● WORK INSTRUCTION
Repeat only the lines from the one holding "this 2048×1536 image." down to the last line of the listing below, including both of those lines.

● SUPPLIED INFORMATION
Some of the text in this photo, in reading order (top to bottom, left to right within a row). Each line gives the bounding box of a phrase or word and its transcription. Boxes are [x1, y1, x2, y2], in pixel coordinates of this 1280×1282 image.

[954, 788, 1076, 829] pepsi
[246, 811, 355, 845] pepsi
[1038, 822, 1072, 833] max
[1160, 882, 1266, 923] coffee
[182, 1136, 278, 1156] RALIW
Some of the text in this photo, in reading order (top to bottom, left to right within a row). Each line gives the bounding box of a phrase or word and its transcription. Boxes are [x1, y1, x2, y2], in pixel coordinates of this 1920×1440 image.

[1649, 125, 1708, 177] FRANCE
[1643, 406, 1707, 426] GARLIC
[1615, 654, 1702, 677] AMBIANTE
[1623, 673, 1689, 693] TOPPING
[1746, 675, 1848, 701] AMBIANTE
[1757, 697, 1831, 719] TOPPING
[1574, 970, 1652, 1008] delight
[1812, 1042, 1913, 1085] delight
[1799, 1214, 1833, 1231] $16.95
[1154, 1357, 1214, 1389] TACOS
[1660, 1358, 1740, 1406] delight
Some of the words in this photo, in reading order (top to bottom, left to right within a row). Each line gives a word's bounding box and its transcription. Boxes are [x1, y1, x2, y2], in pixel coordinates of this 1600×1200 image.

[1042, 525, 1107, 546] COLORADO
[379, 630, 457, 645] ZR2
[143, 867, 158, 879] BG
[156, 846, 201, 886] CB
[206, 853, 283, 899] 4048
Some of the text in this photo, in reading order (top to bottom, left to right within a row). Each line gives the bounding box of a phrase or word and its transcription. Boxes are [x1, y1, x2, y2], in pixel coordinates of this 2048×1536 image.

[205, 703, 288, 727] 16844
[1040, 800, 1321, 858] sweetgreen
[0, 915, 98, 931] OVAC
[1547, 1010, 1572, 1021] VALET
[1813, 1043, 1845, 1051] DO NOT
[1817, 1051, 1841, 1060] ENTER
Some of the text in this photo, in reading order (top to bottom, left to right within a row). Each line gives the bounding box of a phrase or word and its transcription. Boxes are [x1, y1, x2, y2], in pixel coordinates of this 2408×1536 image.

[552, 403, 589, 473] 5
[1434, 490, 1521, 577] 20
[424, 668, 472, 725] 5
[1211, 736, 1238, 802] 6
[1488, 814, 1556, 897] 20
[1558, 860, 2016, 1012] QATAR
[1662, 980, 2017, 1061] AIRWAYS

● ANSWER
Some of the text in this photo, in reading order (top to bottom, left to right within a row). Each line gives the bounding box of a phrase or word and its transcription. Boxes are [x1, y1, x2, y2], in pixel coordinates of this 2048×1536 image.

[205, 703, 288, 727] 16844
[1040, 800, 1321, 858] sweetgreen
[0, 915, 98, 931] OVAC
[1547, 1010, 1572, 1021] VALET
[1813, 1043, 1845, 1051] DO NOT
[1817, 1051, 1841, 1060] ENTER
Some of the text in this photo, in reading order (top to bottom, left to right within a row). Each line gives the bounding box of a phrase or word and its transcription. Boxes are [x1, y1, x2, y2], in pixel coordinates of this 2408×1536 image.

[552, 403, 589, 473] 5
[1434, 490, 1521, 577] 20
[424, 668, 472, 725] 5
[1211, 736, 1238, 802] 6
[1488, 814, 1556, 897] 20
[1558, 860, 2016, 1012] QATAR
[1662, 980, 2017, 1061] AIRWAYS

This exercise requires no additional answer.